§ Work required
Your answer must be the listing repeated word for word, without its pictures.

++++

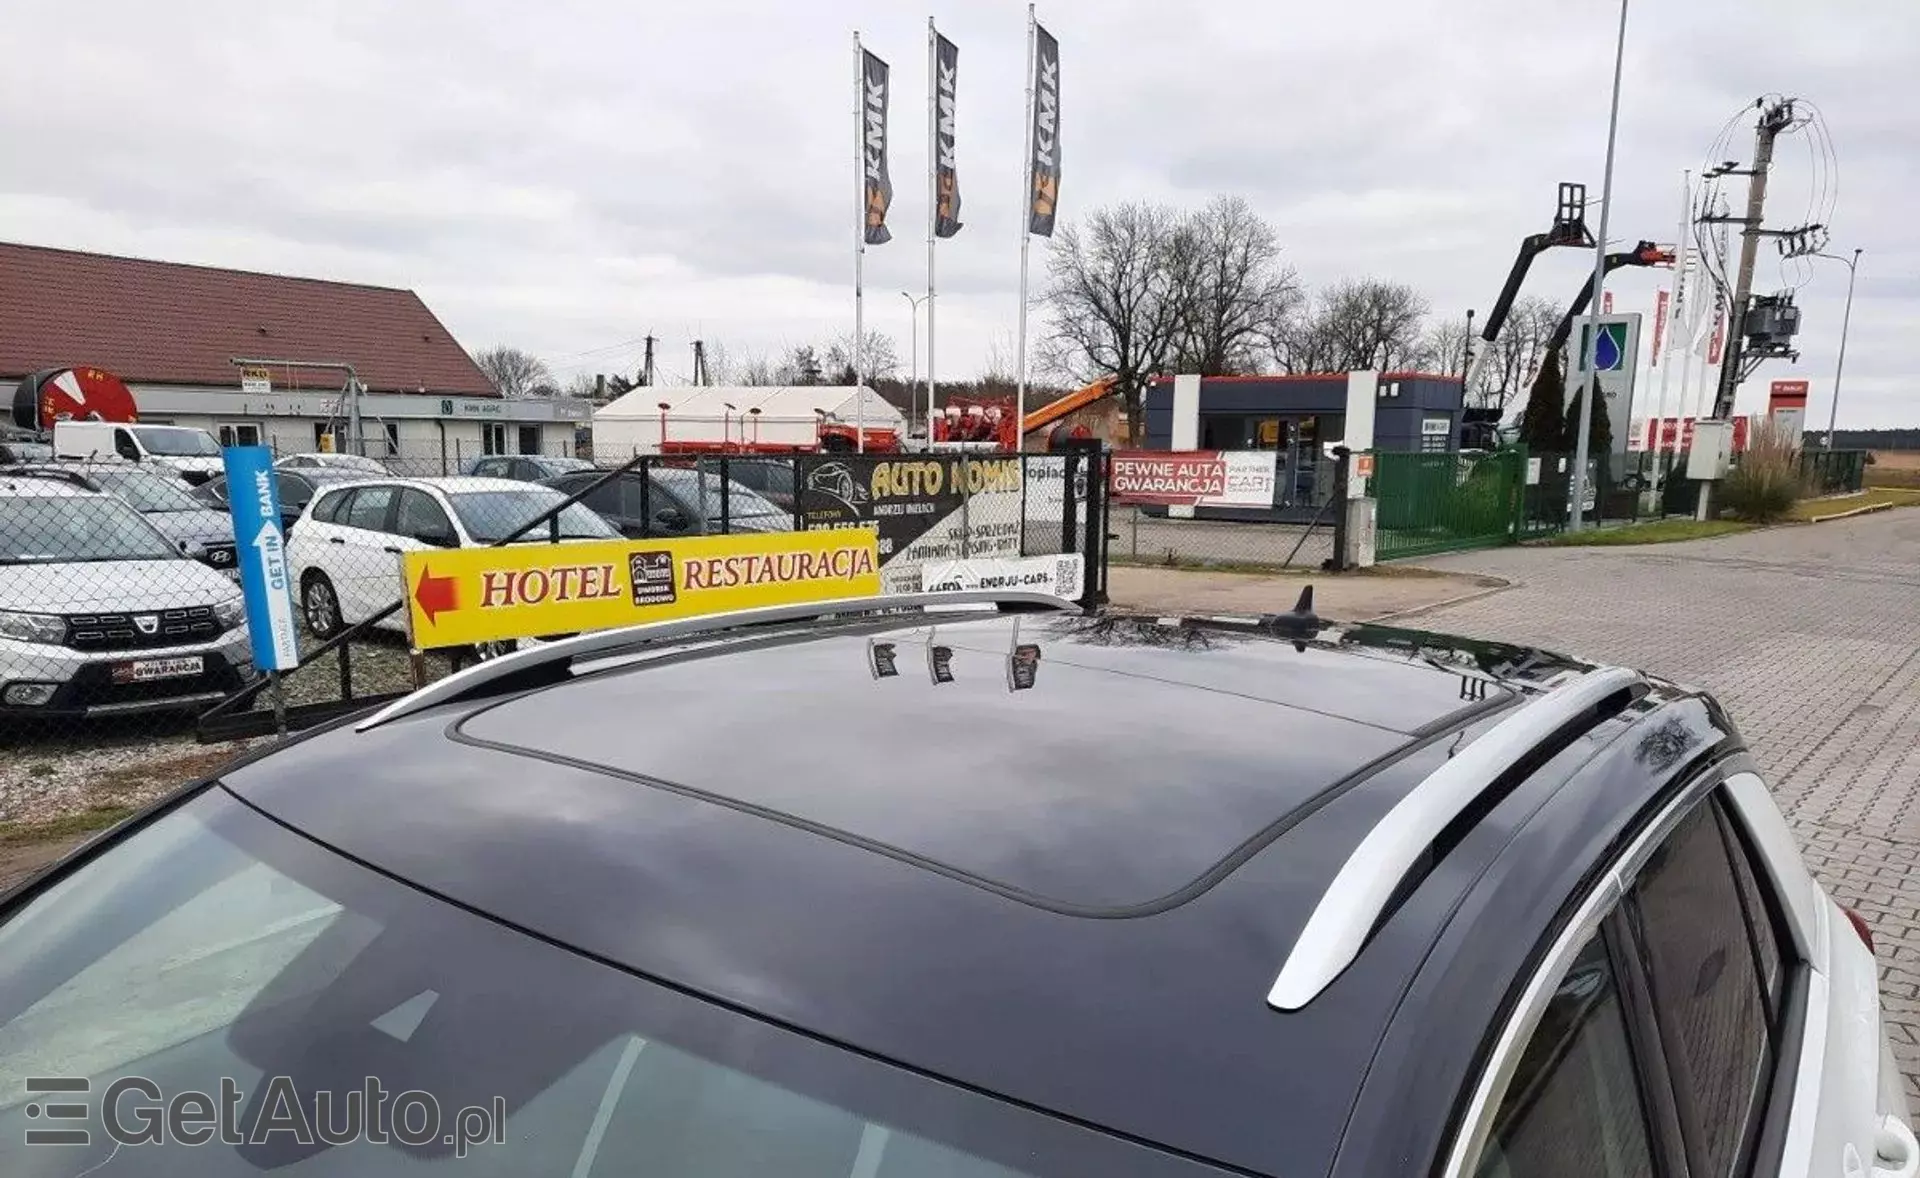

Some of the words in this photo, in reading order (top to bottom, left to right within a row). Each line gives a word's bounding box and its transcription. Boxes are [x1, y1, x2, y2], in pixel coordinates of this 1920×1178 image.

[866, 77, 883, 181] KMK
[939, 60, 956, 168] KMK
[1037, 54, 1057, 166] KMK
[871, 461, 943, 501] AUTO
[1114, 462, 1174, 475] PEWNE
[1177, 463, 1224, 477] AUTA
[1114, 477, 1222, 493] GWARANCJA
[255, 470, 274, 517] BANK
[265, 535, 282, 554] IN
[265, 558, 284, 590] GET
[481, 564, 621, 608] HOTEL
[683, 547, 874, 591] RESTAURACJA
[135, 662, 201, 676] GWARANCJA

++++

§ Solved exercise
Some of the words in this photo, in reading order (top to bottom, left to right within a row). Each line gives a word's bounding box and its transcription. Boxes are [x1, y1, x2, y2], in pixel coordinates of this 1920×1178 image.

[866, 77, 883, 181] KMK
[939, 60, 956, 168] KMK
[1037, 54, 1057, 166] KMK
[871, 461, 943, 501] AUTO
[1114, 462, 1174, 475] PEWNE
[1177, 463, 1224, 477] AUTA
[1114, 477, 1222, 493] GWARANCJA
[255, 470, 274, 517] BANK
[265, 535, 282, 554] IN
[265, 558, 284, 590] GET
[481, 564, 621, 608] HOTEL
[683, 547, 874, 591] RESTAURACJA
[135, 662, 201, 676] GWARANCJA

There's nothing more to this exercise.